The immune system sometimes overreacts to lung infection and produces excessive concentrations of inflammatory signals (cytokines and chemokines), which can damage the fine architecture of the lungs and lead to life-threatening acute respiratory distress syndrome (ARDS). Such damage is most likely when pneumonia has both viral and bacterial causes - for example from combined influenza and Staphylococcus aureus infections.
"We believe that in addition to controlling the infection with antibacterial and antiviral agents, we need therapies that reduce this inflammation-induced collateral damage to the lung tissue," Hawiger said. "This would allow both faster clearance of the infecting organisms and faster healing of the lung."
Several years ago, Hawiger and colleagues began searching for new targets for anti-inflammatory therapy. They reasoned that a protein called NF-kappa-B - the "master regulator" of genes that encode mediators of inflammation - might make a good target.
The researchers knew that NF-kappa-B moves from the cell cytoplasm to the nucleus (where it is active) in response to cellular injury or microbial agents, and they decided to try to block this nuclear translocation.

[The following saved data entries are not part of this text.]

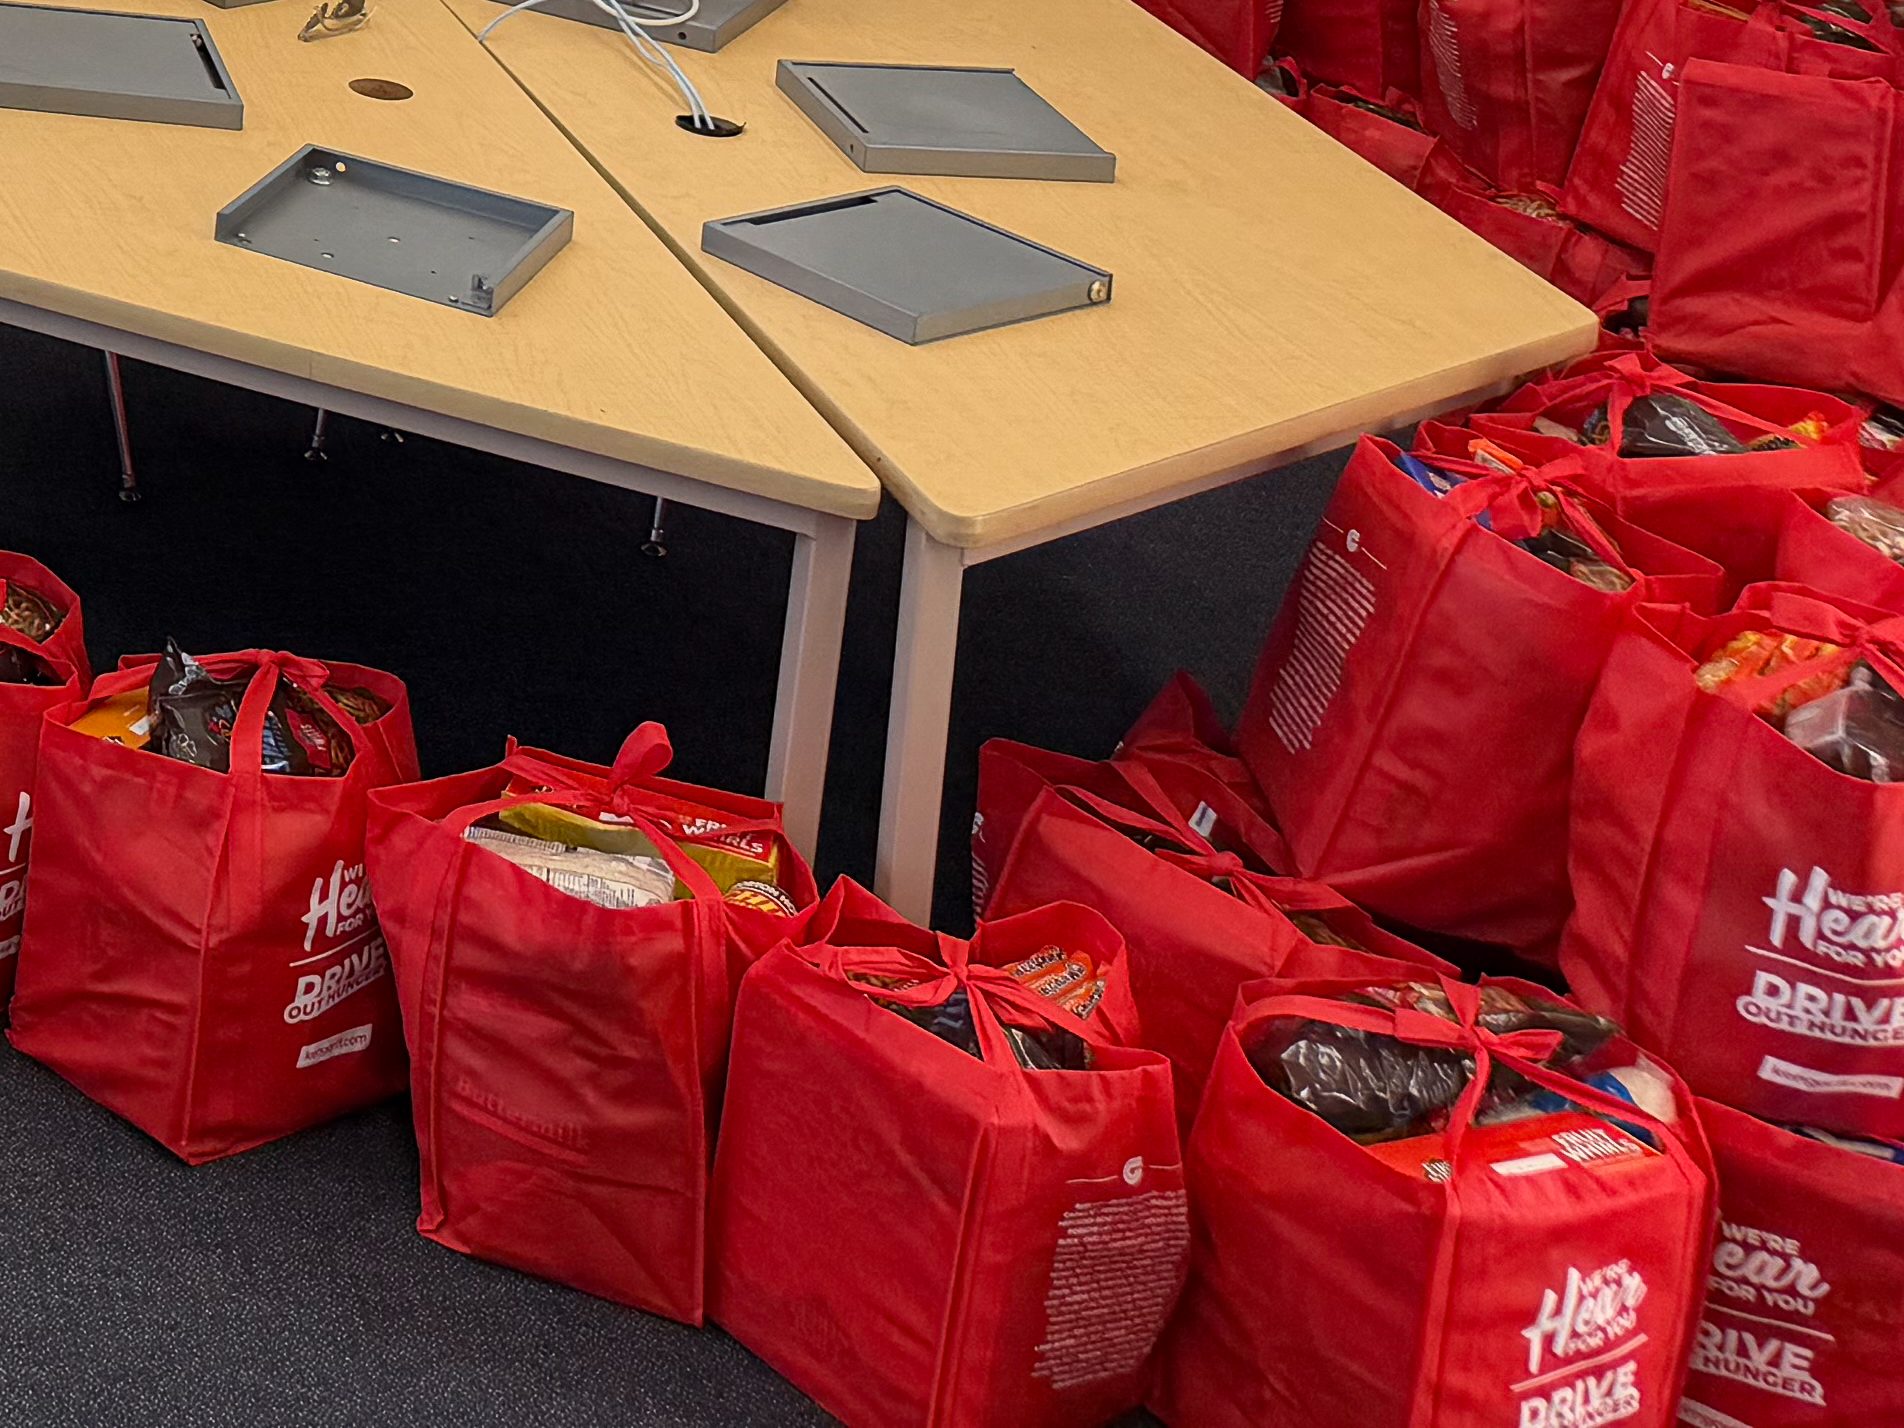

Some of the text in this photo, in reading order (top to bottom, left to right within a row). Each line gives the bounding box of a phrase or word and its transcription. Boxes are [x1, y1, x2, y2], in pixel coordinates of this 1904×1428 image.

[336, 915, 363, 935] FOR
[295, 937, 385, 1003] DRIVE
[288, 1000, 323, 1020] OUT
[1743, 1001, 1801, 1028] OUT
[1721, 1220, 1800, 1256] WE'RE
[1713, 1242, 1831, 1299] ear
[1521, 1266, 1648, 1374] Hear
[1761, 1288, 1815, 1316] YOU
[1697, 1320, 1815, 1377] RIVE
[1702, 1354, 1817, 1398] HUNGER

They designed a small protein fragment - a peptide - that mimicked the nuclear transport "signal," hoping that it would compete with, and block, NF-kappa-B's movement to the nucleus. To get the peptide into cells, the team took advantage of the cellular mechanism that proteins use to cross membranes and engineered a membrane-crossing motif onto the therapeutic peptide.
"To our delight, we found that this peptide crossed the cell membrane and stopped NF-kappa-B in its tracks, blocking it from going to the nucleus in response to conditions which cause inflammation," Hawiger said.